Nesse cenário, começam a ser examinadas novas ameaças de ataques aos satélites em órbita que podem afetar todos os serviços e facilidades mencionados. Essas ameaças devem estar sendo avaliadas pelo governo brasileiro. Além disso, a utilização do Centro de Lançamento de Alcântara (CLA), no Maranhão, tornada possível depois de décadas de decisões equivocadas, representa um grande desafio para o governo e as empresas brasileiras. Não só pela necessidade de melhoria na infraestrutura da região e do próprio centro, mas também na legislação interna, sobre uma lei do espaço (que defina as atividades comerciais no espaço, como a utilização de detritos espaciais), sobre o órgão responsável pela negociação com empresas interessadas na utilização do CLA, a definição do contrato de licenciamento de lançamento, a ser assinado com a autoridade nacional e o comércio de tecnologia espacial.

Como qualquer outra infraestrutura digitalizada, satélites e outros objetos baseados no espaço são vulneráveis, em especial, a ameaças cibernéticas. As vulnerabilidades cibernéticas apresentam riscos muito sérios não só para esses objetos, mas também para infraestruturas essenciais terrestres. Se não forem contidas, essas ameaças poderão interferir no desenvolvimento econômico global e, por extensão, na segurança internacional. Cabe registrar que essas preocupações não são meramente hipotéticas. Na última década mais países e atores privados conseguiram adquirir e empregar meios para afetar esses objetos espaciais críticos com aplicações inovadoras que começam a representar uma ameaça real ao seu funcionamento.

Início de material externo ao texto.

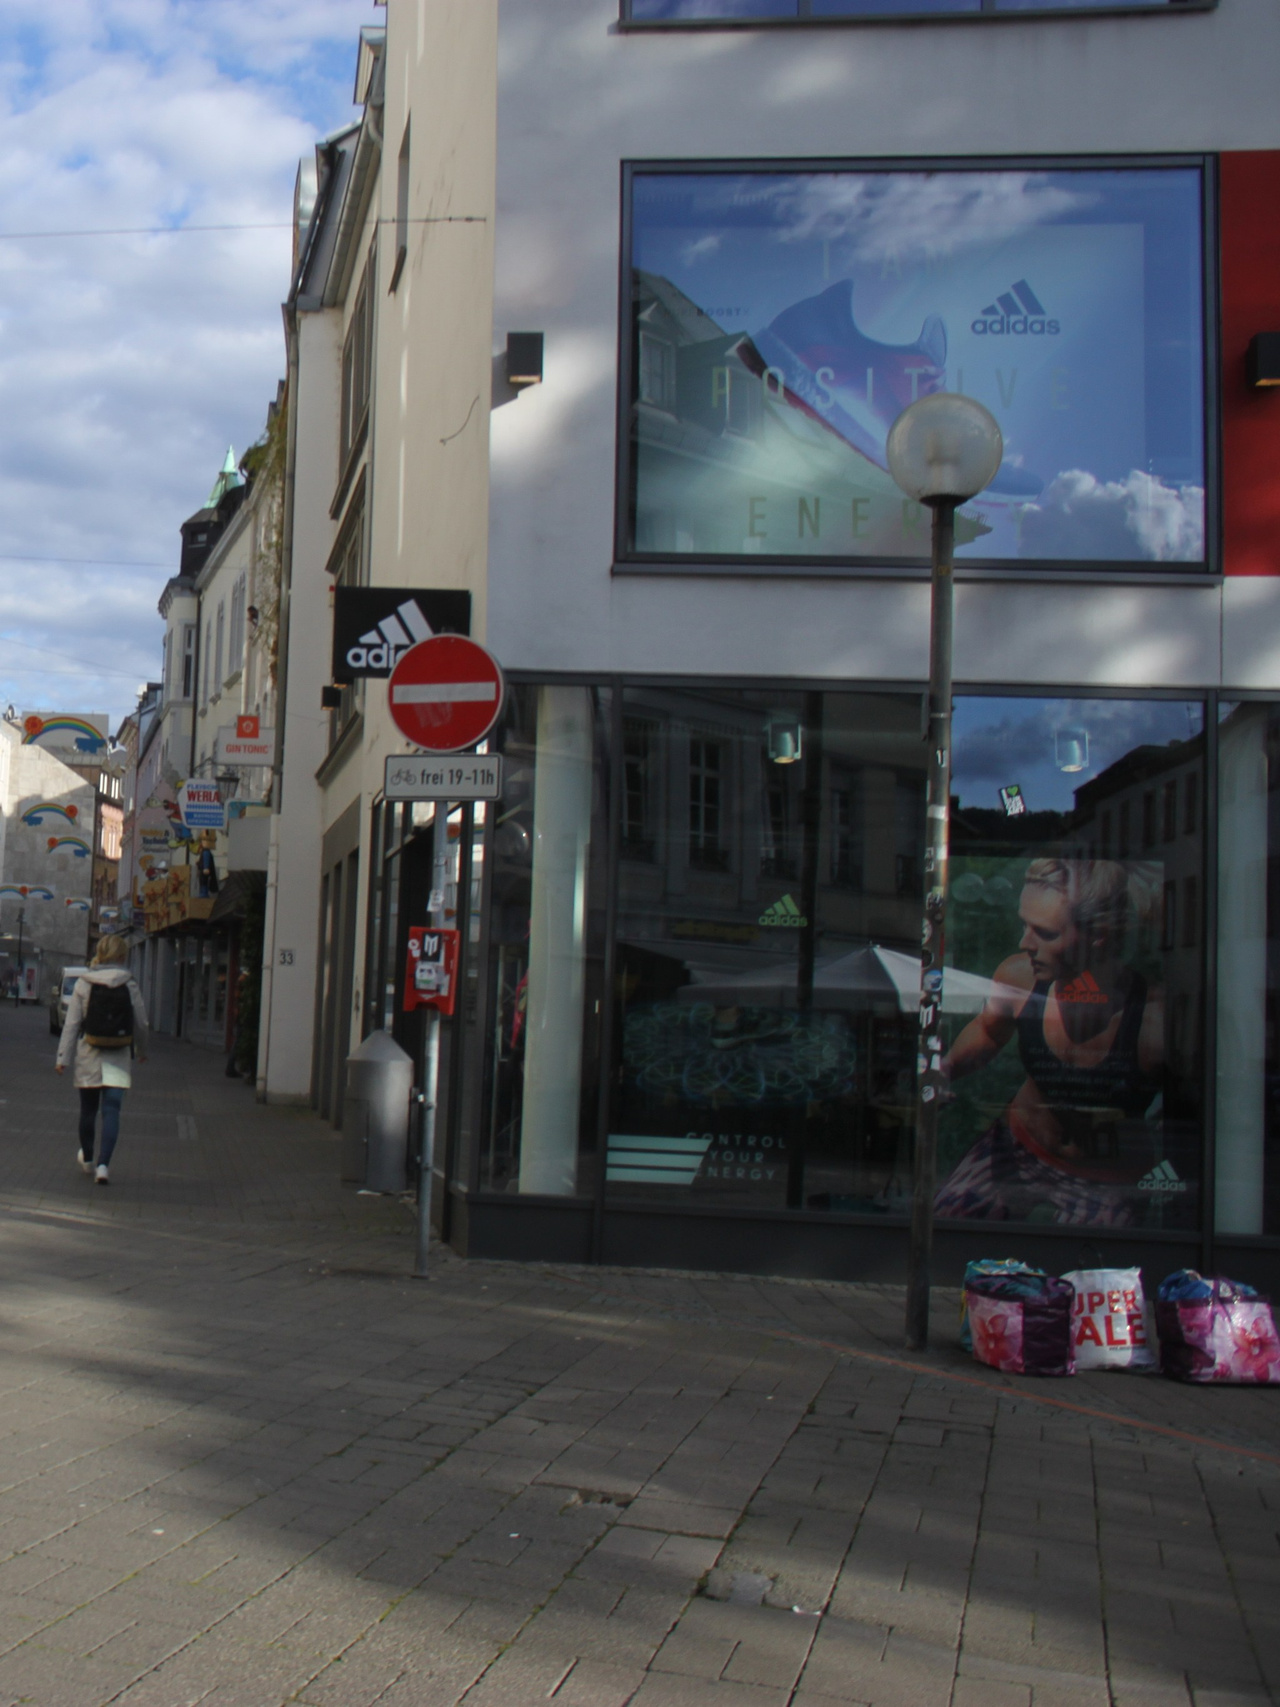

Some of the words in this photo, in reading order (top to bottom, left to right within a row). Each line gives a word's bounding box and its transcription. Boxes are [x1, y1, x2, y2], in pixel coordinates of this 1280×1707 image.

A ideia da guerra espacial não é nova, começou com os foguetes V-2 da Alemanha. A eventual atividade bélica no espaço hoje se concentra nos instrumentos utilizados para as guerras na Terra. Os satélites são utilizados nas operações militares para identificar alvos e responder a questões estratégicas, além de localizar as forças militares e bombas e obter informações nos teatros de guerra. Isso torna os satélites alvos atrativos para mísseis terrestres. EUA, China e Índia estão desenvolvendo armamentos destrutivos de objetos no espaço, visando a impedir os sinais para a Terra dos satélites militares com lasers ou mesmo os explodindo, fazendo detritos se espalharem pelo cosmo. Estão também tornando suas Forças Armadas voltadas para o espaço. Em 2019 foi criada pelo governo dos EUA a Força Espacial, serviço militar independente cujos doutrina, treinamento e capacidade estão sendo definidos pelo Pentágono.

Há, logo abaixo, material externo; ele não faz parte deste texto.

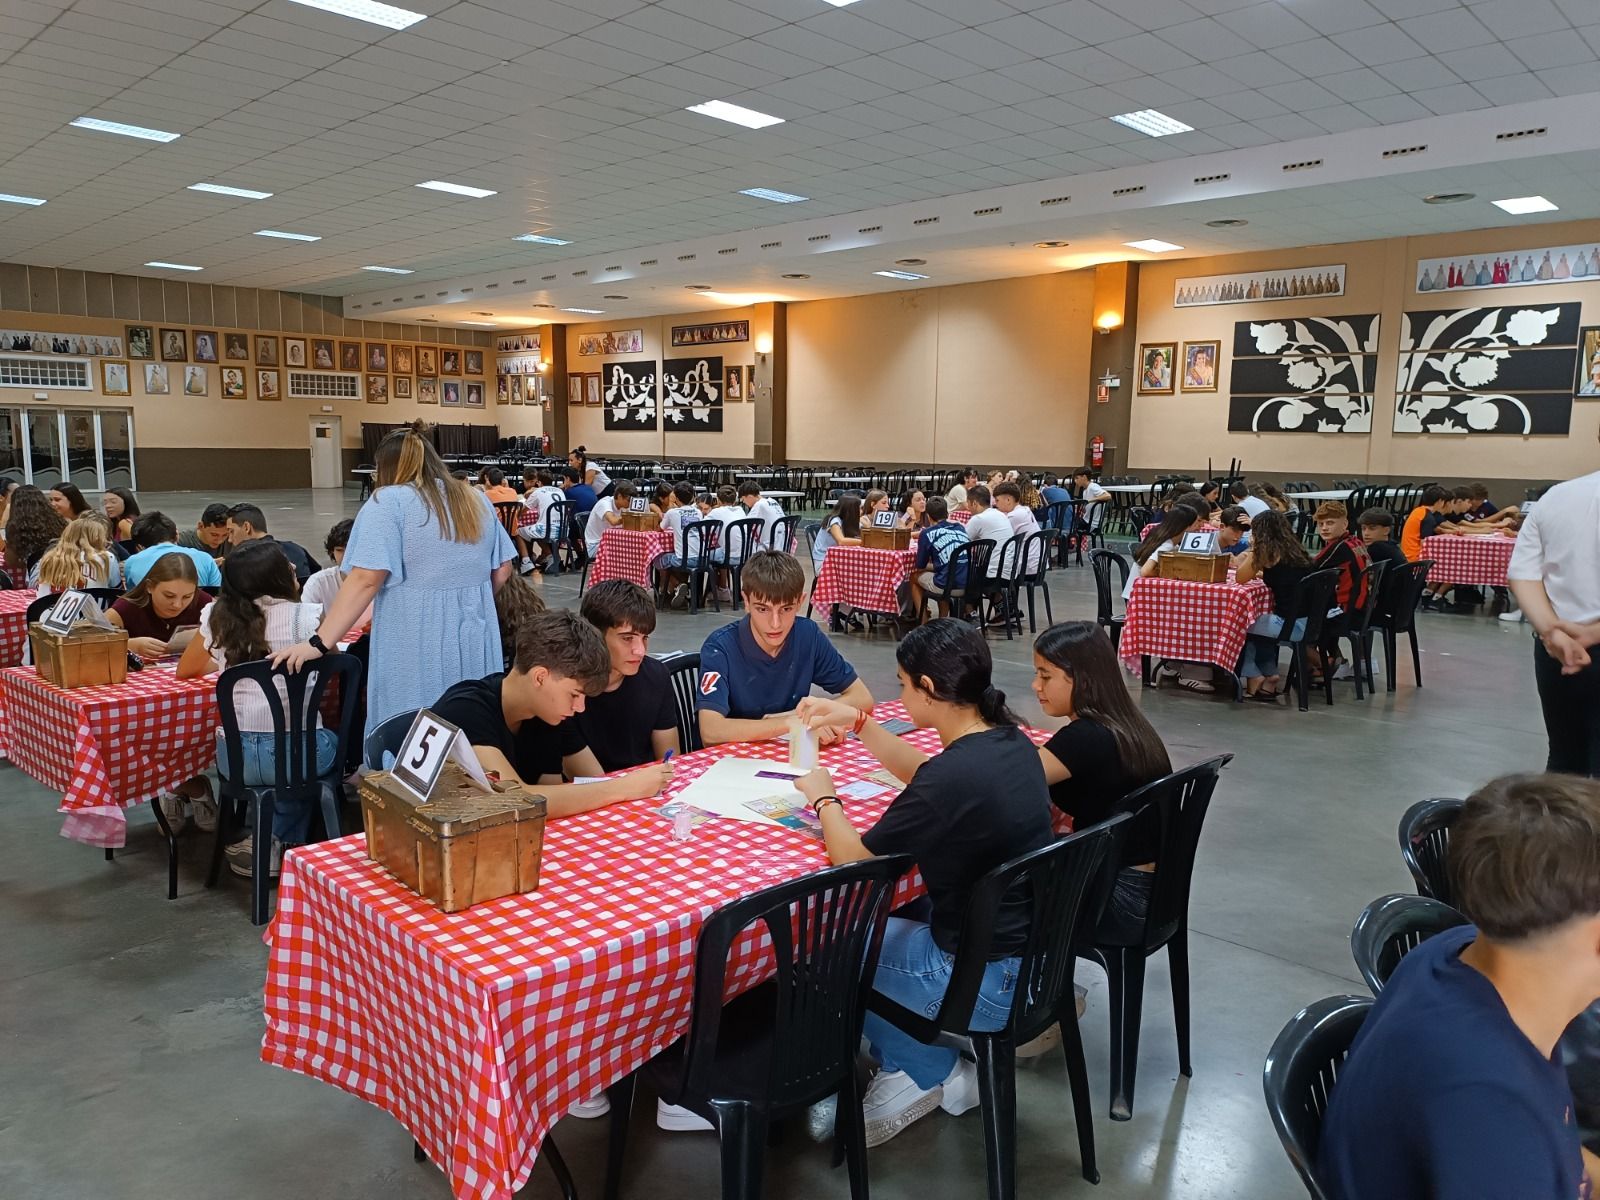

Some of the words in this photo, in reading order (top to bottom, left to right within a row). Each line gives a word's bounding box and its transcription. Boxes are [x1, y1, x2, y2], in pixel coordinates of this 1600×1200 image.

[633, 499, 643, 509] 13
[879, 513, 891, 524] 19
[1190, 535, 1202, 549] 6
[56, 596, 79, 621] 10
[411, 725, 439, 770] 5

Para tentar evitar uma lei da selva espacial começa a ser discutido algum tipo de regime multilateral. No momento não há leis nem normas específicas para uma eventual guerra espacial. O Tratado sobre o Espaço Exterior, de 1967, proíbe a utilização de armas de destruição em massa no espaço, mas não trata de armas convencionais. Se dois satélites, por exemplo, ficam muito próximos de maneira ameaçadora, não há respostas adequadas. Em 2008 a União Europeia propôs um código de conduta voluntário para promover “comportamento responsável” nessa área. No mesmo ano, para se contrapor a essa iniciativa, China e Rússia propuseram um tratado que proibiria armas no espaço. O tratado não visava armas antissatélites, mas armas antimísseis baseadas no espaço. A oposição à iniciativa europeia, além da Rússia e da China, veio da América Latina e da África.

Apesar de apoiar a desmilitarização do espaço, os países dessas regiões não aceitaram que os países com objetos no espaço pudessem ter o direito de usar a força para defendê-los. Nenhuma das duas iniciativas prosperou, mas experimentos militares com fins ofensivos continuam a ser feitos visando à eventual destruição de satélites que poderão ter efeitos devastadores para a defesa e as comunicações globais.

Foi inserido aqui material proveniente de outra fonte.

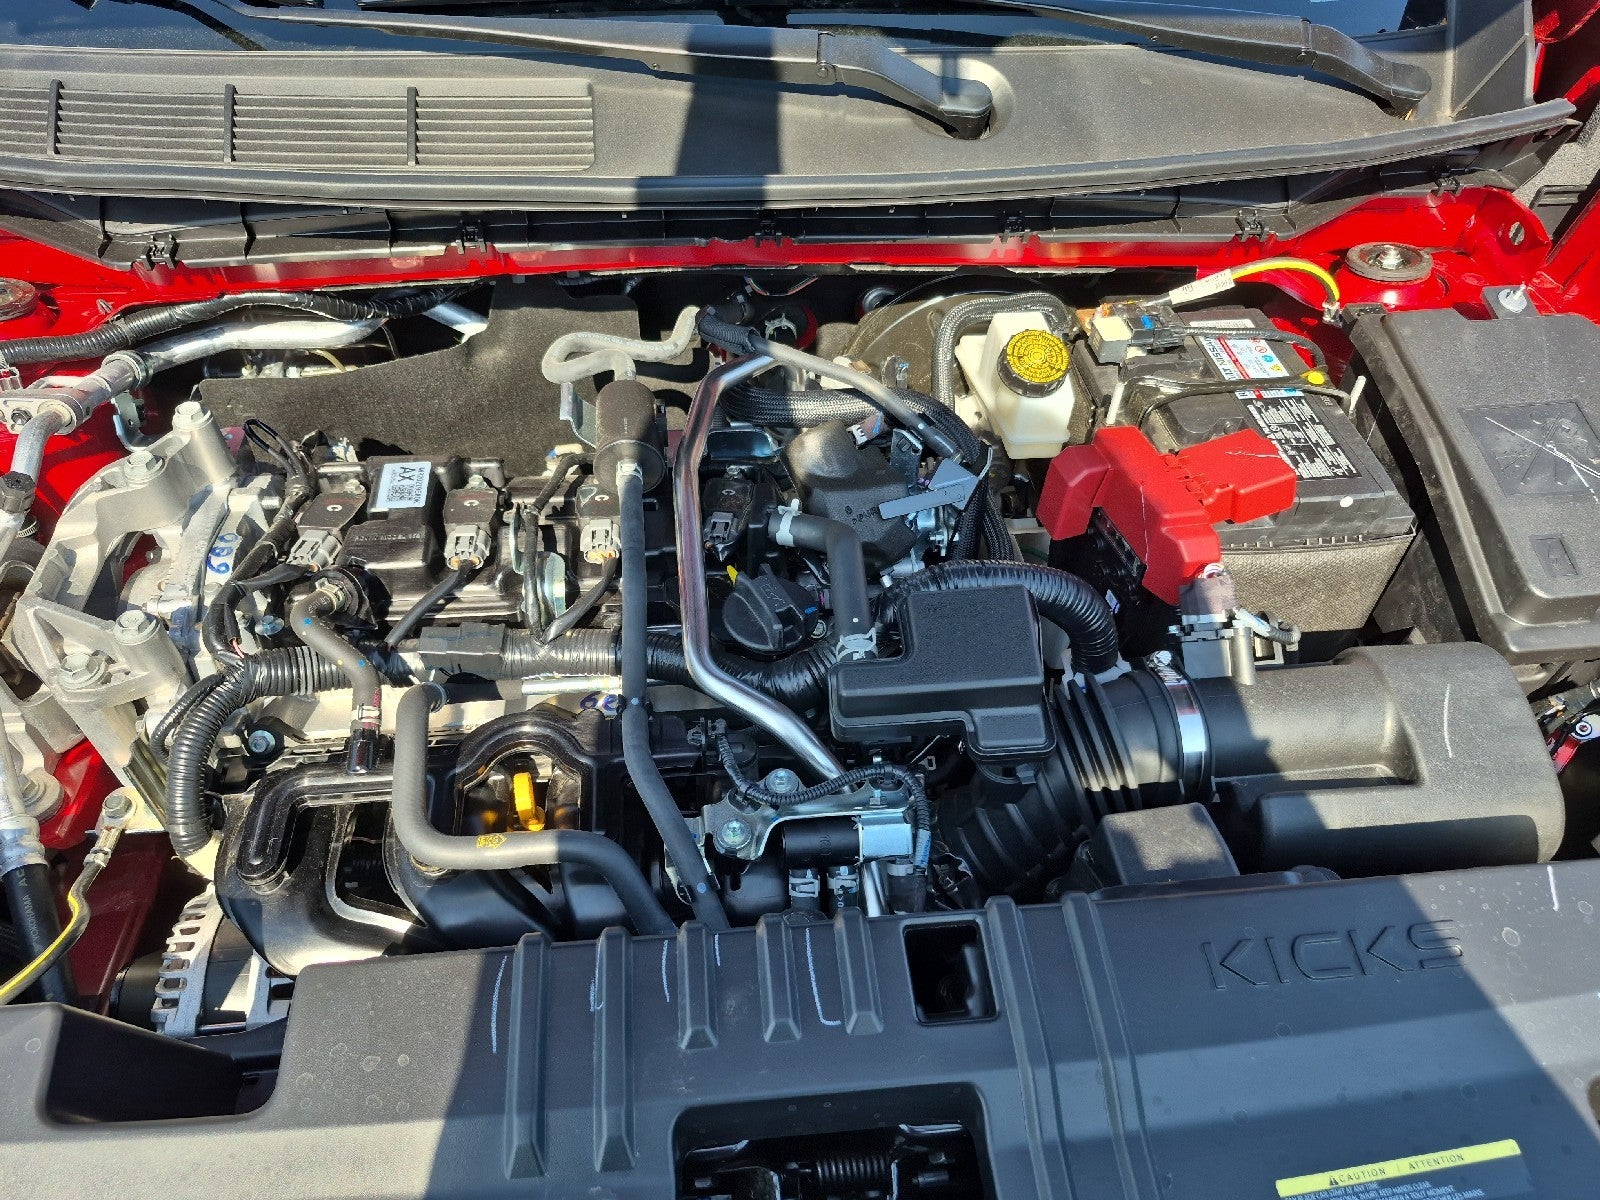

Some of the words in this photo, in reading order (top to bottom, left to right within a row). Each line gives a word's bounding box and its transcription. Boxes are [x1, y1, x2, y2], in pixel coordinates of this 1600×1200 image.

[397, 466, 416, 482] AX
[22, 893, 41, 943] YOKOHAMA
[1200, 919, 1464, 990] KICKS
[1339, 1167, 1386, 1183] CAUTION
[1408, 1153, 1465, 1172] ATTENTION

O governo brasileiro não poderá perder de vista as transformações positivas que ocorrerão na área aeroespacial pela redução de custos, por novas tecnologias e, sobretudo, pelo aparecimento de uma nova geração de empresários privados operando ao lado dos governos. Turismo para os ricos e mais avançada rede de comunicações para todos, exploração mineral e transporte de massa passarão a ter um impacto nos negócios e tornarão o espaço uma verdadeira extensão da Terra. Com visão de futuro, o Brasil, que passará a ter interesses concretos nesse campo, deveria fazer o acompanhamento da evolução tecnológica e geopolítica da exploração espacial.

Sem descurar das novas ameaças que começam a ser discutidas agora e poderão afetar as facilidades terrestres de que dispomos, o Brasil deveria participar dessas conversações, quando retomadas.

*Presidente do Centro de Defesa e Segurança Nacional (Cedesen)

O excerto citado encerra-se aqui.